Comment arrivez-vous obtenir des informations cruciales dans des situations de stress où les personnes sont incapables d’aligner deux mots ?
Déborah : Il faut vraiment s’adapter à la personne qu’on a au téléphone. Il faut trouver la bonne méthode, le bon ton.
Carole : On sait ce qu’on doit avoir comme information, on doit amener la personne là où on veut arriver. Ce n’est pas toujours une partie de plaisir parce qu’on peut paraître sec, froid, distant, détaché, mais ce n’est pas le cas. On est là pour leur venir en aide de la meilleure manière qui soit, donc on ne peut pas laisser place aux cris, aux pleurs.

Et dans les cas d’urgence extrême où c’est une question de vie ou de mort ?

Deborah : En posant des questions par élimination. Puis si on comprend qu’il faut agir vite, on donne des conseils. Le vocabulaire et les formulations ont été étudiées de telle sorte qu’on fait comprendre à l’appelant comment aider la personne, comme faire une compression sur une plaie, par exemple. Par des mots simples et des techniques qui sont à la portée de tout le monde - il ne faut pas avoir suivi des cours de premiers soins pour savoir les appliquer -, on téléguide un accouchement, un cas d’obstruction respiratoire, un massage cardiaque...

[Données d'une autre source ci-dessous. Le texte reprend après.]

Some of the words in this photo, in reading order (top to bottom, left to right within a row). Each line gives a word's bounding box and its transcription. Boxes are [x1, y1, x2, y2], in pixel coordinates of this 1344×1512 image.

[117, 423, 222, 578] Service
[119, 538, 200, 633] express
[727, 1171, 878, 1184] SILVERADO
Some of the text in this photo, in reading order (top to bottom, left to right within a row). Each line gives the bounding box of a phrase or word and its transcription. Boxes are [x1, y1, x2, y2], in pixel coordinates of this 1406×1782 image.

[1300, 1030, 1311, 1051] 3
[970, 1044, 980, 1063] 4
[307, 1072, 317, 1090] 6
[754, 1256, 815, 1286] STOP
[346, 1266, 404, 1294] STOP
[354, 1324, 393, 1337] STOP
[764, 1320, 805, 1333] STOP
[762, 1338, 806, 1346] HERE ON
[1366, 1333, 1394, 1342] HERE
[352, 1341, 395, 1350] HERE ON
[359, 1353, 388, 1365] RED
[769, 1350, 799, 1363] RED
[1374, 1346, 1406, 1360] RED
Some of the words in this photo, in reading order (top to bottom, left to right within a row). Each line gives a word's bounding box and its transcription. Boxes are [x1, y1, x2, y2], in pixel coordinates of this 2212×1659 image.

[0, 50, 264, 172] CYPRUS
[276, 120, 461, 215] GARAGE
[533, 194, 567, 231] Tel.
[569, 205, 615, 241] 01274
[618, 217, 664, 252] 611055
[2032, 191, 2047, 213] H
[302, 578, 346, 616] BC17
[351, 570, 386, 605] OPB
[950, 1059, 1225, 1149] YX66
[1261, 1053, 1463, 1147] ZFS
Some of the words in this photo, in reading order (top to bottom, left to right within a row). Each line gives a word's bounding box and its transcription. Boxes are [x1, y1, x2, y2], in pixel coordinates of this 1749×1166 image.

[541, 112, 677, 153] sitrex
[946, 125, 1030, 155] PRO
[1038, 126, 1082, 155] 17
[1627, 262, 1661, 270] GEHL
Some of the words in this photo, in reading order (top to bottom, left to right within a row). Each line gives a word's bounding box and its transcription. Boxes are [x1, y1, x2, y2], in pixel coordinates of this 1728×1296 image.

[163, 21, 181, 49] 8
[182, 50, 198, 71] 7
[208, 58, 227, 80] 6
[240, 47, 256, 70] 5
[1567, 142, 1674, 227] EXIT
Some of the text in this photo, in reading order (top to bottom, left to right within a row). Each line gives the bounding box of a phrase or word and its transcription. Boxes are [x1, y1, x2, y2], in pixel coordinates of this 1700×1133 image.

Et vous arrivez à sauver des vies à distance !
Carole : oui, dans des cas dramatiques, dans des personnes en arrêt cardio-respiratoire. On les guide depuis le moment où on a pu comprendre que la personne est en arrêt cardio-respiratoire. On a tout un type de procédure à respecter pour vérifier d’abord que c’est ce cas de figure qui se présente. A partir du moment où on a cette certitude, on fait démarrer, avec l’accord de la personne qui est près de la victime, des gestes de réanimation parce que chaque minute est précieuse et déterminante.

Comment faites-vous pour passer avec la même efficacité d’un appel à un autre ?

Déborah : On ne s’attarde pas sur ce qui vient de se passer. On met de côté. Quand mon travail sur une urgence est terminé, je recommence tout à zéro.

Mais vous arrive-t-il de pleurer ?
Carole : On n’est pas insensible, on n’est pas des robots, mais non, on ne peut pas se le permettre. Parce qu’on doit prendre l’appel suivant avec la même attention. Ce qui nous aide à décompresser, c’est échanger avec les collègues. Une fois que les secours sont sur place, on relâche la pression, on décompresse en parlant.

Et il y a des plaisantins, comment vous gérez ces cas-là ?

Carole : On essaie de leur faire comprendre qu’on est sur une ligne d’urgence, que cela ne se bloque pas pour les blagues ou pour discuter du beau temps. Parce que derrière, il y a des personnes en détresse et qui n’ont peut-être pas la possibilité d’avoir l’appel tout de suite. Donc on perd des secondes, des minutes précieuses avec des personnes qui ne se rendent pas compte qu’elles prennent la place de ceux qui en ont réellement besoin.